United States District Court, E.D. California
Nov 12, 2008
No. CIV S-07-1045 JAM GGH P (E.D. Cal. Nov. 12, 2008)

Summary

In Courtney v. Hedgepth, the undersigned stated, "[i]t is also quite apparent that the ability to fund is the ability to control.

Summary of this case from Geren v. Carey

Opinion

No. CIV S-07-1045 JAM GGH P.

November 12, 2008


ORDER


Counsel for petitioner in the above captioned case has requested reconsideration of the undersigned's determination to not pay for attorney's fees incurred in representing petitioner in state court habeas corpus exhaustion proceedings. While it might be much easier, and perhaps fairer, simply to approve the expenditures, the undersigned is not authorized to approve such expenditures.

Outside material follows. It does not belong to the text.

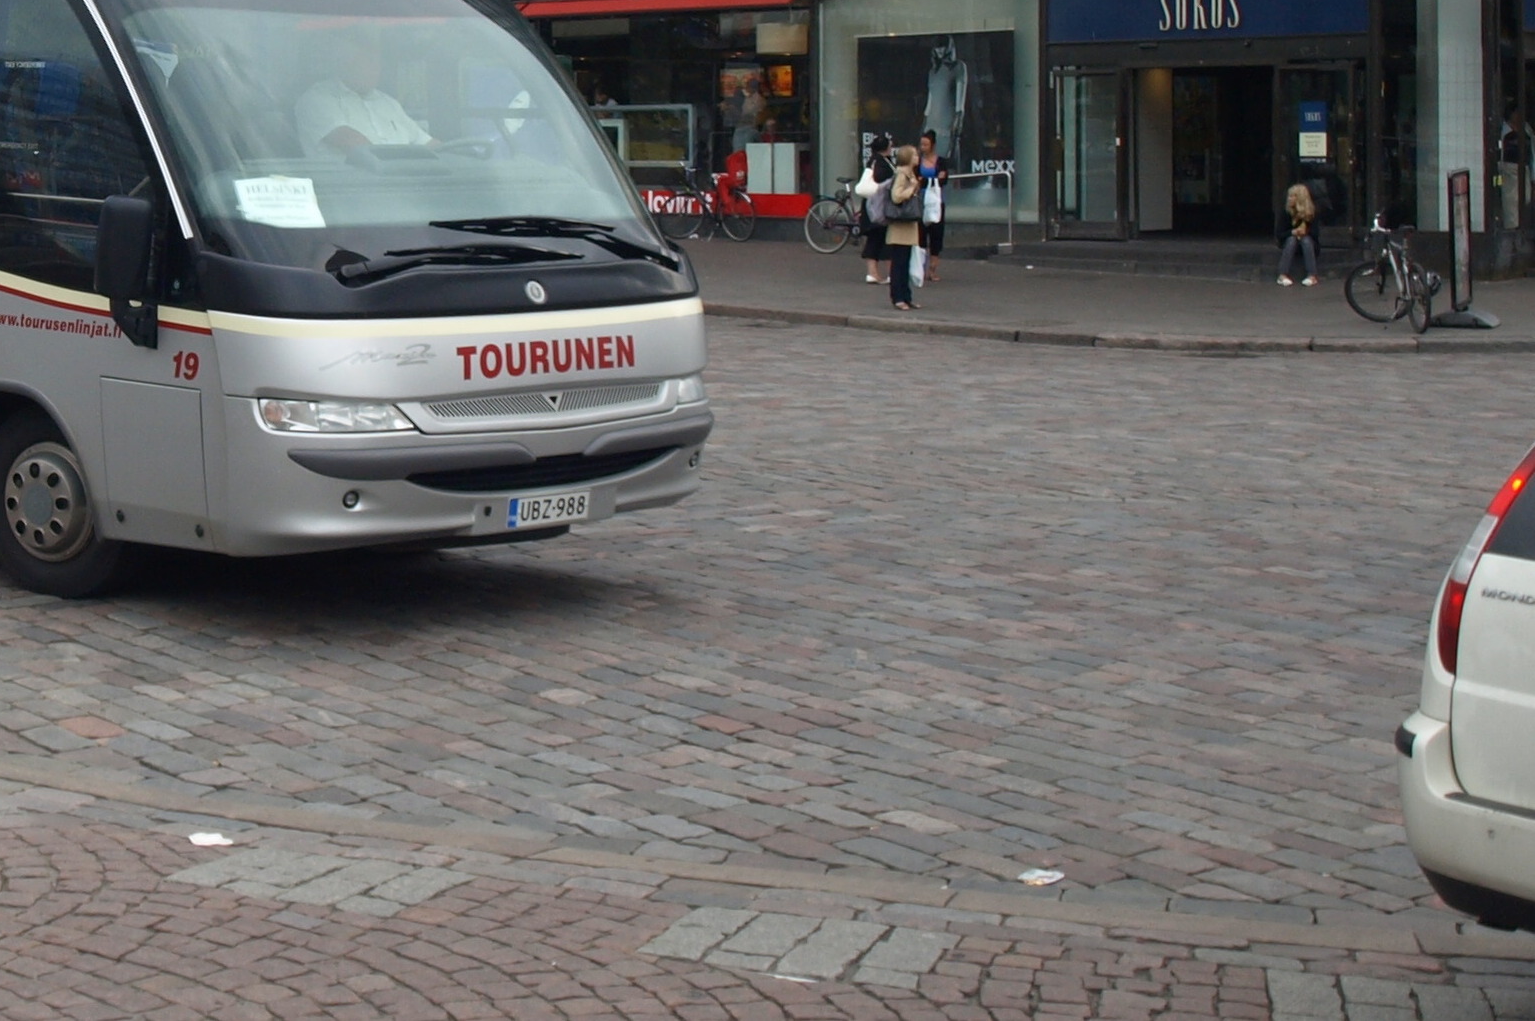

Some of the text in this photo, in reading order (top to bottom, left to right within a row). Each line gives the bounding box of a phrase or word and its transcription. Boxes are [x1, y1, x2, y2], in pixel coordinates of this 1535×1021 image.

[173, 351, 199, 380] 19
[456, 335, 636, 380] TOURUNEN
[520, 496, 585, 521] UBZ-988

The Criminal Justice Act (CJA) authorizes the court to pay for attorneys assigned to represent indigents in habeas corpus actions. 18 U.S.C. § 3006A(a)(2)(B). Subsection (c) of that statute further authorizes expenditures in "ancillary matters appropriate to the proceedings [for which representation is authorized]." While grammatically speaking, state exhaustion proceedings might be considered "ancillary" to federal habeas corpus proceedings, for purposes of the CJA, they are not.

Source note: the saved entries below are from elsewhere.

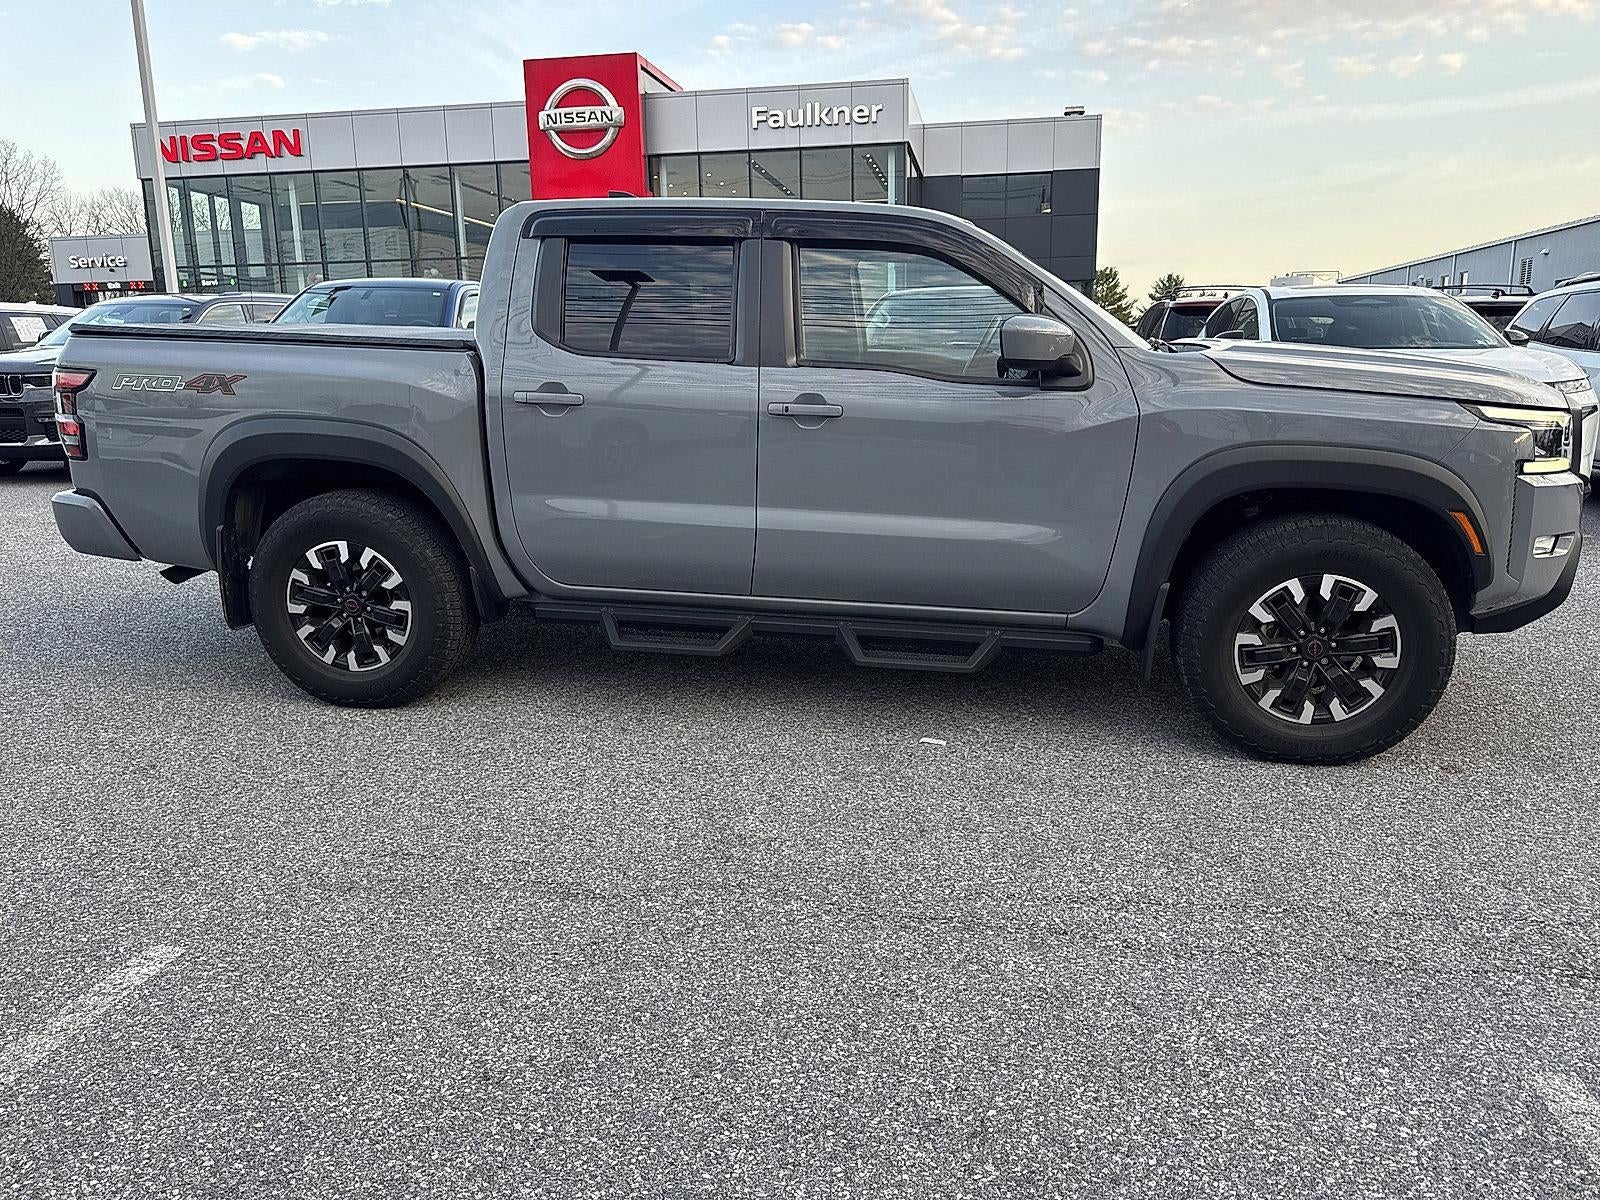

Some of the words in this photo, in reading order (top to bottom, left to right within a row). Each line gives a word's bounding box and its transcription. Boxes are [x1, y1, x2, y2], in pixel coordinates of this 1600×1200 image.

[546, 110, 614, 126] NISSAN
[751, 101, 883, 130] Faulkner
[160, 128, 302, 163] NISSAN
[68, 253, 126, 269] Service
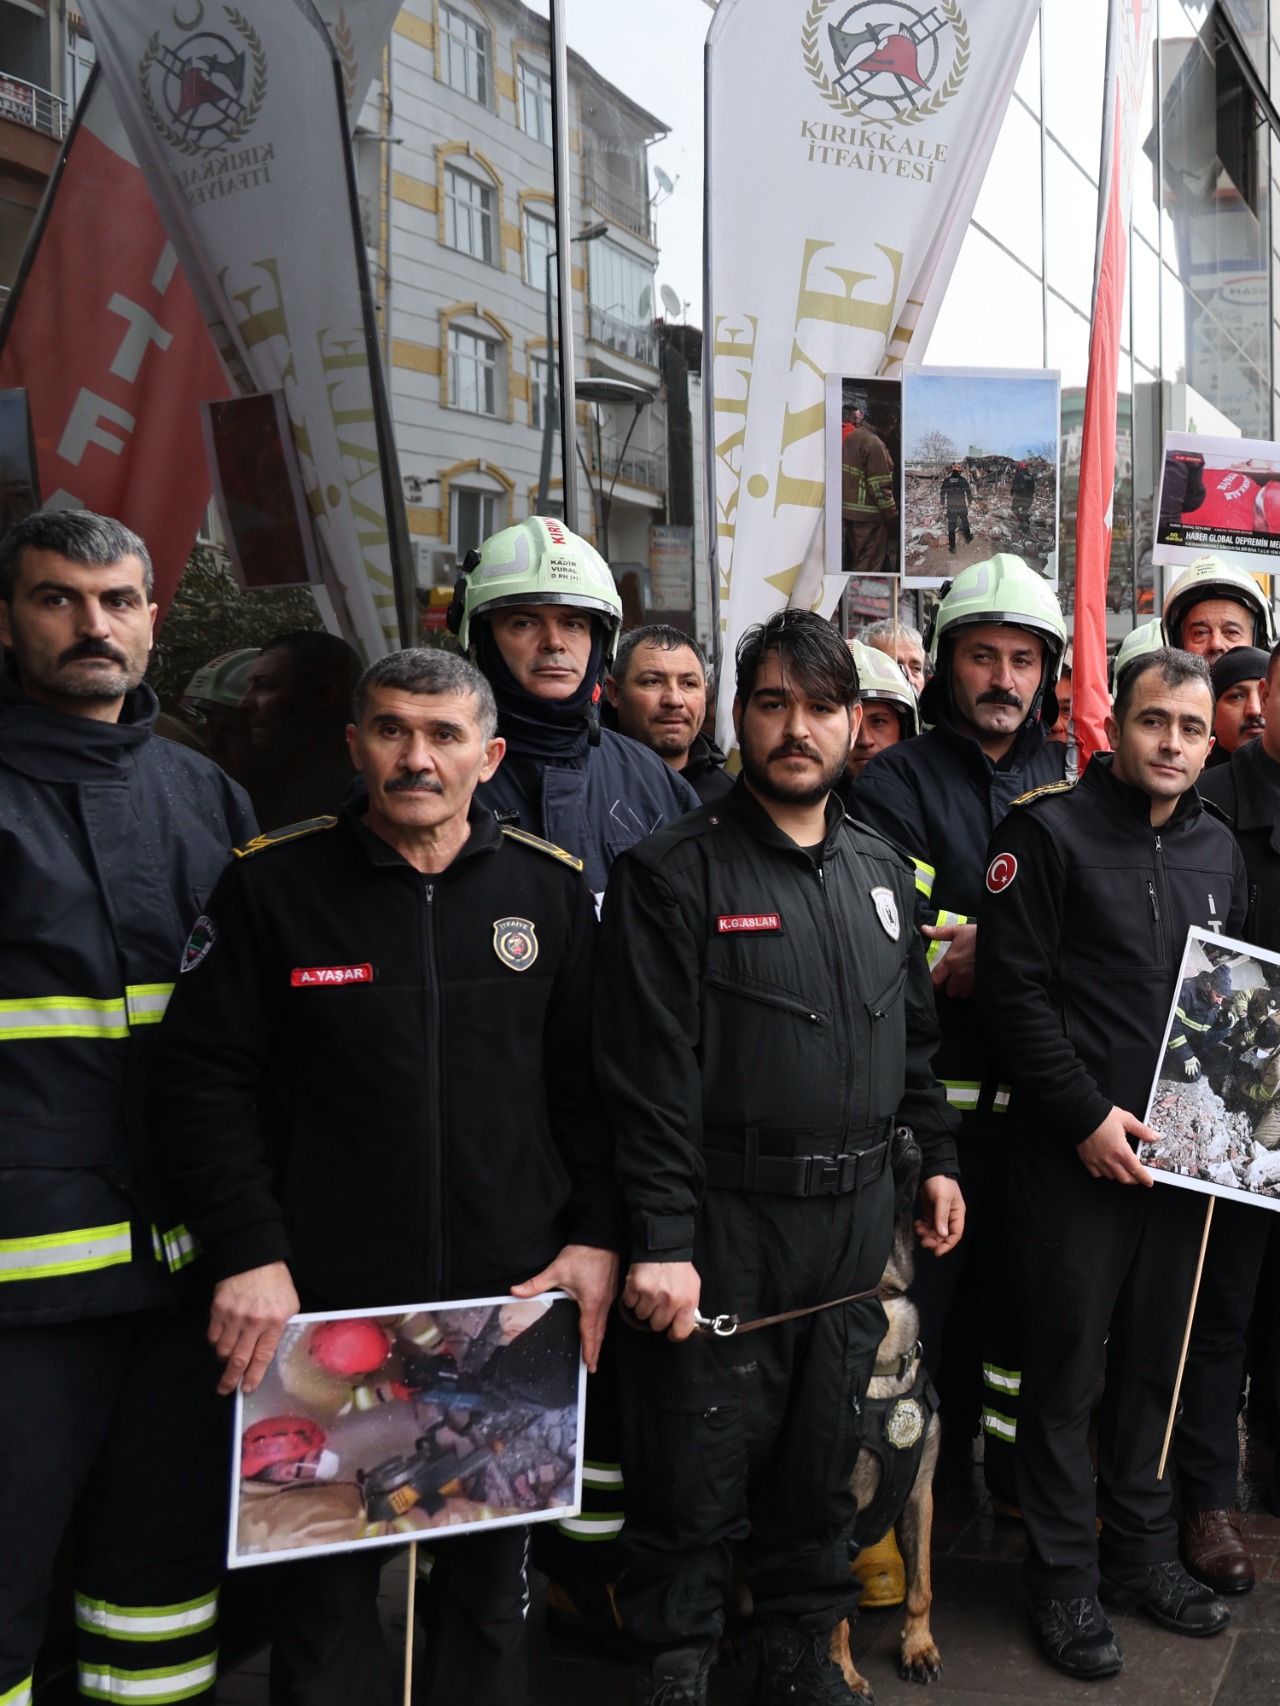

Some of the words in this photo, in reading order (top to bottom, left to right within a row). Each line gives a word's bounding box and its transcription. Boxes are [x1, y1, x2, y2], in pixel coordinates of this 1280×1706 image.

[800, 119, 949, 162] KIRIKKALE
[807, 140, 936, 183] İTFAİYESİ
[1185, 531, 1208, 541] HABER
[1209, 534, 1234, 544] GLOBAL
[1235, 536, 1269, 548] DEPREMİN
[551, 566, 578, 574] VURAL
[498, 919, 529, 931] İTFAİYE
[315, 968, 364, 982] YAŞAR

First, no one would logically contend that state habeas corpus proceedings initiated prior to the federal habeas action would qualify for federal representation. The result should be no different when a petitioner is tasked with going back to state court to institute proceedings which in most cases should have been instituted prior to the filing of the federal petition. The authority, both for capital and non-capital cases, nearly uniformly finds that state habeas exhaustion proceedings, or follow-up state proceedings of any kind, do not qualify for federal appointment of counsel. King v. Moore, 312 F.3d 1365 (11th Cir. 2002); Sterling v. Scott, 57 F.3d 451 (5th Cir. 1995);In re Lindsey, 875 F.2d 1502-1505-1507 (11th Cir. 1989); Thompson v. Thomas, 2008 WL 2096882 * 5 and footnote 7 (D Haw. 2008);Glassel v. Schriro, 2007 WL 974107 (D. Ariz. 2007); Morris v. Malfi, 2007 WL 1931857 (N.D. Cal. 2007); Wainwright v. Norris, 836 F. Supp. 619, 623 (E.D. Ark. 1993); McKinney v. Paskett, 753 F. Supp. 861 (D. Idaho 1990).

One capital case which permitted federal funding for experts after exhaustion had been ordered for the purpose of state exhaustion proceedings is not to be applied here. Gordon v. Vasquez, 859 F. Supp. 413 (E.D. Cal. 1994), petition for mandamus denied, Calderon v. District Court (E.D. Cal), 107 F.3d 756 (9th Cir. 1997). First, the case stands against the great weight of authority. Secondly, the case was opining on the specific wording of the death penalty appointment statute, and not the CJA. Finally, the Ninth Circuit found in dicta that since there were no proceedings pending before the district court, the federal case having properly been dismissed, reimbursement of investigative expenses might be proper if the investigation were to be used in the federal proceedings, and then again — might not. Id. at 761-762.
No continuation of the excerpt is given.